(Beginning of TASK MATERIAL)
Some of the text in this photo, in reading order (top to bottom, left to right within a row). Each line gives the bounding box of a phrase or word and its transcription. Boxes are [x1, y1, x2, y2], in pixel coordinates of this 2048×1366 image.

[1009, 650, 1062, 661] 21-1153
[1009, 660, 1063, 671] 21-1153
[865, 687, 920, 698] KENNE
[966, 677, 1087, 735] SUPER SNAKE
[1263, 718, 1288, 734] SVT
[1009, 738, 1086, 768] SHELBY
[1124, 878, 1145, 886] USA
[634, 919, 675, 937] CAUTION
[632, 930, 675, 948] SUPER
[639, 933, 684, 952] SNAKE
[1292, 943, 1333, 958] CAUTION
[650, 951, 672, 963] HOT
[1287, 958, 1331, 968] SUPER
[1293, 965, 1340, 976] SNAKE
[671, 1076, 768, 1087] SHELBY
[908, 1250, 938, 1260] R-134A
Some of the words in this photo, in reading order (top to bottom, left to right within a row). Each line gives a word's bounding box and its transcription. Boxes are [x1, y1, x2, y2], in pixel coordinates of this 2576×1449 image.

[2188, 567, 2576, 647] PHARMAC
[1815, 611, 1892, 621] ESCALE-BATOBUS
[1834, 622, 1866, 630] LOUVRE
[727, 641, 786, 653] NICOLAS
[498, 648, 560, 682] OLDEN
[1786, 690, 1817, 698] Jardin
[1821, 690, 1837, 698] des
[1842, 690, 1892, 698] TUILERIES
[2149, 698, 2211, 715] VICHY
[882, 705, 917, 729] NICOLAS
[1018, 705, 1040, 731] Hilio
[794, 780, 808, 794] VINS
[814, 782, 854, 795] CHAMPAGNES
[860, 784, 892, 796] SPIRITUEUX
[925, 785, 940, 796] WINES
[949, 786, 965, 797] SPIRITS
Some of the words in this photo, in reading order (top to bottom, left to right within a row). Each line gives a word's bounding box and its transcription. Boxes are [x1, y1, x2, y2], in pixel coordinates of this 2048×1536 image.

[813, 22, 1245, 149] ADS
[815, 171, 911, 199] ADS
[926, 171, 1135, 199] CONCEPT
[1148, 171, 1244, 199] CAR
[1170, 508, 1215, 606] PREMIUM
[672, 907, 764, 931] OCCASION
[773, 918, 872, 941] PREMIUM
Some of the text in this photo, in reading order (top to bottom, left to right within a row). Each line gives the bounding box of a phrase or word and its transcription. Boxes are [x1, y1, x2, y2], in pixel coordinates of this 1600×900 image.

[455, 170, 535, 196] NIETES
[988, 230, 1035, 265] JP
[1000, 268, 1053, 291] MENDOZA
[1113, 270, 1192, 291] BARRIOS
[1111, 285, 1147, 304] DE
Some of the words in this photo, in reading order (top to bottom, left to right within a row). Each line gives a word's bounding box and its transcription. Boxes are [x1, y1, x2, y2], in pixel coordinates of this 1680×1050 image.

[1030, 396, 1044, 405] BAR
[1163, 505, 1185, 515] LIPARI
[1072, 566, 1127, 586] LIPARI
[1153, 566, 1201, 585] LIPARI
(End of TASK MATERIAL)
**WORK INSTRUCTION:**
Transcribe the records above exactly.

**RESPONSE TO THE TASK:**
Some of the text in this photo, in reading order (top to bottom, left to right within a row). Each line gives the bounding box of a phrase or word and its transcription. Boxes are [x1, y1, x2, y2], in pixel coordinates of this 2048×1366 image.

[1009, 650, 1062, 661] 21-1153
[1009, 660, 1063, 671] 21-1153
[865, 687, 920, 698] KENNE
[966, 677, 1087, 735] SUPER SNAKE
[1263, 718, 1288, 734] SVT
[1009, 738, 1086, 768] SHELBY
[1124, 878, 1145, 886] USA
[634, 919, 675, 937] CAUTION
[632, 930, 675, 948] SUPER
[639, 933, 684, 952] SNAKE
[1292, 943, 1333, 958] CAUTION
[650, 951, 672, 963] HOT
[1287, 958, 1331, 968] SUPER
[1293, 965, 1340, 976] SNAKE
[671, 1076, 768, 1087] SHELBY
[908, 1250, 938, 1260] R-134A
Some of the words in this photo, in reading order (top to bottom, left to right within a row). Each line gives a word's bounding box and its transcription. Boxes are [x1, y1, x2, y2], in pixel coordinates of this 2576×1449 image.

[2188, 567, 2576, 647] PHARMAC
[1815, 611, 1892, 621] ESCALE-BATOBUS
[1834, 622, 1866, 630] LOUVRE
[727, 641, 786, 653] NICOLAS
[498, 648, 560, 682] OLDEN
[1786, 690, 1817, 698] Jardin
[1821, 690, 1837, 698] des
[1842, 690, 1892, 698] TUILERIES
[2149, 698, 2211, 715] VICHY
[882, 705, 917, 729] NICOLAS
[1018, 705, 1040, 731] Hilio
[794, 780, 808, 794] VINS
[814, 782, 854, 795] CHAMPAGNES
[860, 784, 892, 796] SPIRITUEUX
[925, 785, 940, 796] WINES
[949, 786, 965, 797] SPIRITS
Some of the words in this photo, in reading order (top to bottom, left to right within a row). Each line gives a word's bounding box and its transcription. Boxes are [x1, y1, x2, y2], in pixel coordinates of this 2048×1536 image.

[813, 22, 1245, 149] ADS
[815, 171, 911, 199] ADS
[926, 171, 1135, 199] CONCEPT
[1148, 171, 1244, 199] CAR
[1170, 508, 1215, 606] PREMIUM
[672, 907, 764, 931] OCCASION
[773, 918, 872, 941] PREMIUM
Some of the text in this photo, in reading order (top to bottom, left to right within a row). Each line gives the bounding box of a phrase or word and its transcription. Boxes are [x1, y1, x2, y2], in pixel coordinates of this 1600×900 image.

[455, 170, 535, 196] NIETES
[988, 230, 1035, 265] JP
[1000, 268, 1053, 291] MENDOZA
[1113, 270, 1192, 291] BARRIOS
[1111, 285, 1147, 304] DE
Some of the words in this photo, in reading order (top to bottom, left to right within a row). Each line gives a word's bounding box and its transcription. Boxes are [x1, y1, x2, y2], in pixel coordinates of this 1680×1050 image.

[1030, 396, 1044, 405] BAR
[1163, 505, 1185, 515] LIPARI
[1072, 566, 1127, 586] LIPARI
[1153, 566, 1201, 585] LIPARI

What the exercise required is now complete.